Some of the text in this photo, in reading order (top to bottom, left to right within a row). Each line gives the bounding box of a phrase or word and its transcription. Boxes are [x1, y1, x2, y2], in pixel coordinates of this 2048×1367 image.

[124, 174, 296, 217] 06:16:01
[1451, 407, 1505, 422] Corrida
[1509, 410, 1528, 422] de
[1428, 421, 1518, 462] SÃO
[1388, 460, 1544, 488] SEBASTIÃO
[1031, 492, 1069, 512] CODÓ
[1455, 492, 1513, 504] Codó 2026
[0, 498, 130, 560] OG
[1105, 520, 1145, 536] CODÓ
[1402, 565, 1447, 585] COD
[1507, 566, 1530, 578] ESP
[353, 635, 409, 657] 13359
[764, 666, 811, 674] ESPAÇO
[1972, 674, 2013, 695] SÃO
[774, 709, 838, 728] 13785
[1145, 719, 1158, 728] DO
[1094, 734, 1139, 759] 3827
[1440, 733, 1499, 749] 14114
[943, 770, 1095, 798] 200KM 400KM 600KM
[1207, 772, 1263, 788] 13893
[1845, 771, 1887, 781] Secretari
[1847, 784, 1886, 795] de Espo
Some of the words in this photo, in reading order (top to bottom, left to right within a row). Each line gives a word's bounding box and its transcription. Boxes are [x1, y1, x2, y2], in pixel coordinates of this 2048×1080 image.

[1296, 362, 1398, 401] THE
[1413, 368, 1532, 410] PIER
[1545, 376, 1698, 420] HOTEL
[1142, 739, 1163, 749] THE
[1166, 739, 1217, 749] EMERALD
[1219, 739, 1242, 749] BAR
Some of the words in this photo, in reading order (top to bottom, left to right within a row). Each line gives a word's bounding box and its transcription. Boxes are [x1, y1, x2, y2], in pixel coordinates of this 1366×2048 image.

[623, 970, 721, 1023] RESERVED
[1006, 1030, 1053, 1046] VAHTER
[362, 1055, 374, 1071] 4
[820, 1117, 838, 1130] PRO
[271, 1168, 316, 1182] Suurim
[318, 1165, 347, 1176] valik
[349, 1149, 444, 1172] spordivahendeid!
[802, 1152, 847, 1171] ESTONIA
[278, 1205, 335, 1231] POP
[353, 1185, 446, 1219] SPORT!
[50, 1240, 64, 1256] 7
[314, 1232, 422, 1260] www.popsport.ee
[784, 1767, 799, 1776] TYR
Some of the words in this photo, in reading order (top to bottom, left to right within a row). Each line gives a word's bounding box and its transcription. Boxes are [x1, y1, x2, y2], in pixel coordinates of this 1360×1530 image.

· · ·

### WHAT THE TASK REQUIRES
Restate precisely, and with nothing added, the lines from the one with "this 1366×2048 image." through the final line of the material.

### RESULT FOR THIS TASK
Some of the words in this photo, in reading order (top to bottom, left to right within a row). Each line gives a word's bounding box and its transcription. Boxes are [x1, y1, x2, y2], in pixel coordinates of this 1366×2048 image.

[623, 970, 721, 1023] RESERVED
[1006, 1030, 1053, 1046] VAHTER
[362, 1055, 374, 1071] 4
[820, 1117, 838, 1130] PRO
[271, 1168, 316, 1182] Suurim
[318, 1165, 347, 1176] valik
[349, 1149, 444, 1172] spordivahendeid!
[802, 1152, 847, 1171] ESTONIA
[278, 1205, 335, 1231] POP
[353, 1185, 446, 1219] SPORT!
[50, 1240, 64, 1256] 7
[314, 1232, 422, 1260] www.popsport.ee
[784, 1767, 799, 1776] TYR
Some of the words in this photo, in reading order (top to bottom, left to right within a row). Each line gives a word's bounding box and its transcription. Boxes are [x1, y1, x2, y2], in pixel coordinates of this 1360×1530 image.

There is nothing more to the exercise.